Re: Hashes, keys and multiple histogram

Apologies to everyone who tried to help. I was trying many iterations (beating my head against the wall) of the code and thought I put the latest up.

Now I'm trying to understand Laurent's short code of an array of hashes versus individual hash elements

my %hist;
while (<DATA>) {
  chomp;
  my ($col0, @element) = split;
  $hist{$col0}{$_}++ for @element;
};
[download]

I'm looking to implement some simple set theory with statistics.
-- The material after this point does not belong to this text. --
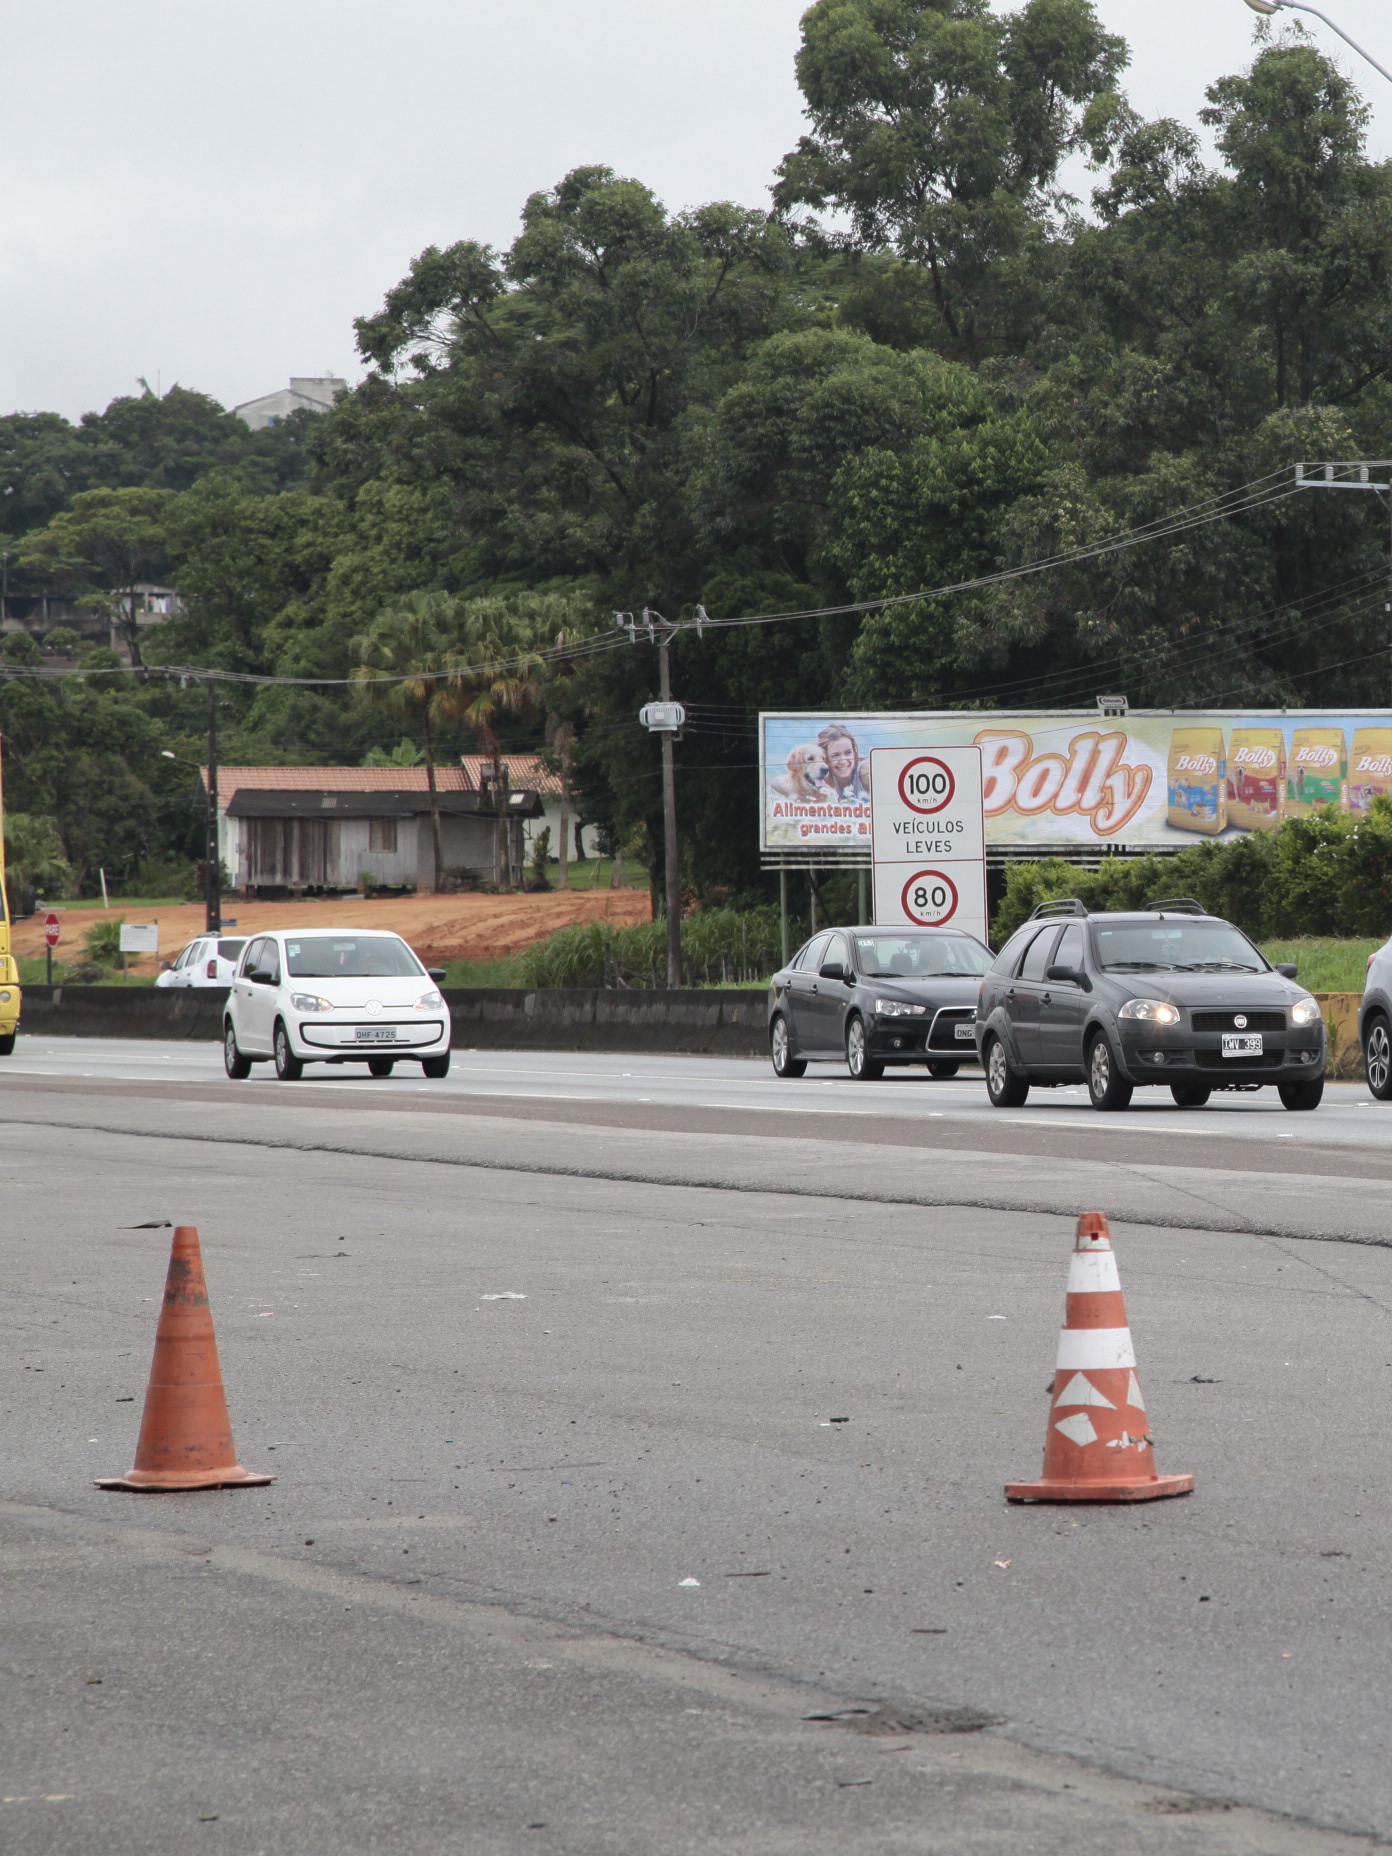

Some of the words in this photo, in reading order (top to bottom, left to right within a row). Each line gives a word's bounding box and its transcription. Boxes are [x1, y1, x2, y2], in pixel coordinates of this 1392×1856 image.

To get keys that are unique to each set, i.e. subtract the intersection of other sets

From here http://www.perlmonks.org/?node=How%20can%20I%20get%20the%20unique%20keys%20from%20two%20hashes%3F, it gives the following code

my %seen = ();
for my $element (keys(%hist1), keys(%hist2)) {
    $seen{$element}++;
}
my @uniq = keys %seen;
[download]

which is why I thought it would be simpler to have separate hash arrays. There are elements in hist1 that are not in hist2 and vice versa. Is finding unique keys this way faster that subtracting the intersection from each set? A-(A int B)? At the moment I'm working with small sample data to debug but will be dealing with 12+Gb of data to process.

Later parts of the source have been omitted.